1837 | London

Exhumed and Exhaled

Charles Babbage breathes in the past.

What a strange chaos is this wide atmosphere we breathe! Every atom, impressed with good and with ill, retains at once the motions which philosophers and sages have imparted to it, mixed and combined in ten thousand ways with all that is worthless and base.

The air itself is one vast library, on whose pages are forever written all that man has ever said or woman whispered. There in their mutable but unerring characters, mixed with the earliest as well as with the latest sighs of mortality, stand forever recorded, vows unredeemed, promises unfulfilled, perpetuating in the united movements of each particle, the testimony of man’s changeful will.

But if the air we breathe is the never-failing historian of the sentiments we have uttered, earth, air, and ocean are the eternal witnesses of the acts we have done. The same principle of the equality of action and reaction applies to them: whatever movement is communicated to any of their particles is transmitted to all around it, the share of each being diminished by their number, and depending jointly on the number and position of those acted upon by the original source of disturbance. The waves of air, although in many instances perceptible to the organs of hearing, are only rendered visible to the eye by peculiar contrivances; but those of water offer to the sense of sight the most beautiful illustration of transmitted motion. Everyone who has thrown a pebble into the still waters of a sheltered pool has seen the circles it has raised gradually expanding in size, and as uniformly diminishing in distinctness. He may have observed the reflection of those waves from the edges of the pool. He may have noticed also the perfect distinctness with which two, three, or more series of waves each pursues its own unimpeded course when diverging from two, three, or more centers of disturbance. He may have seen that in such cases the particles of water where the waves intersect each other partake of the movements due to each series.

No motion impressed by natural causes, or by human agency, is ever obliterated. The ripple on the ocean’s surface caused by a gentle breeze or the still water which marks the more immediate track of a ponderous vessel gliding with scarcely expanded sails over its bosom are equally indelible. The momentary waves raised by the passing breeze, apparently born but to die on the spot which saw their birth, leave behind them an endless progeny, which, reviving with diminished energy in other seas, visiting a thousand shores, reflected from each and perhaps again partially concentrated, will pursue their ceaseless course till ocean be itself annihilated. The track of every canoe, of every vessel which has yet disturbed the surface of the ocean, whether impelled by manual force or elemental power, remains forever registered in the future movement of all succeeding particles which may occupy its place. The furrow which it left is, indeed, instantly filled up by the closing waters; but they draw after them other and larger portions of the surrounding element, and these again once moved, communicate motion to others in endless succession.

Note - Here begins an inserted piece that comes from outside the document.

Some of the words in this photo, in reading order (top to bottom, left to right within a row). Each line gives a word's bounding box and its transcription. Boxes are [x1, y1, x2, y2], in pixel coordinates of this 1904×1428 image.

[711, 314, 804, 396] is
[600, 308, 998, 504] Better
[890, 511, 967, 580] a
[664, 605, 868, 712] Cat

Achilles and the Shade of Patroclus, by John Flaxman, 1793. The Metropolitan Museum of Art, Rogers Fund, 1918.

The solid substance of the globe itself, whether we regard the minutest movement of the soft clay which receives its impression from the foot of animals or the concussion arising from the fall of mountains rent by earthquakes, equally communicates and retains, through all its countless atoms, their apportioned shares of the motions so impressed. While the atmosphere we breathe is the ever-living witness of the sentiments we have uttered, the waters, and the more solid materials of the globe, bear equally enduring testimony of the acts we have committed.

If the Almighty stamped on the brow of the earliest murderer the indelible and visible mark of his guilt, he has also established laws by which every succeeding criminal is not less irrevocably chained to the testimony of his crime; for every atom of his mortal frame, through whatever changes its severed particles may migrate, will still retain, adhering to it through every combination, some movement derived from that very muscular effort by which the crime itself was perpetrated.

The soul of the Negro whose fettered body, surviving the living charnel house of his infected prison, was thrown into the sea to lighten the ship, that his Christian master might escape the limited justice at length assigned by civilized man to crimes whose profit had long gilded their atrocity, will need, at the last great day of human account, no living witness of his earthly agony. When man and all his race shall have disappeared from the face of our planet, ask every particle of air still floating over the unpeopled earth, and it will record the cruel mandate of the tyrant. Interrogate every wave which breaks unimpeded on ten thousand desolate shores, and it will give evidence of the last gurgle of the waters which closed over the head of his dying victim; confront the murderer with every corporeal atom of his immolated slave, and in its still quivering movements, he will read the prophet’s denunciation of the prophet king.


Charles Babbage

From The Ninth Bridgewater Treatise. Confident that if humans could thoroughly comprehend the past, they would be able to calculate their future, Babbage in 1822 directed the construction of his first difference engine—a precursor to the earliest mechanical computers. “I undertook to superintend, for the government,” Babbage writes later in this treatise on natural theology, “the construction of an engine for calculating and printing mathematical and astronomical tables.” Work on a second engine began in 1847, but it remained uncompleted until 1991, when a version was built at London’s Science Museum.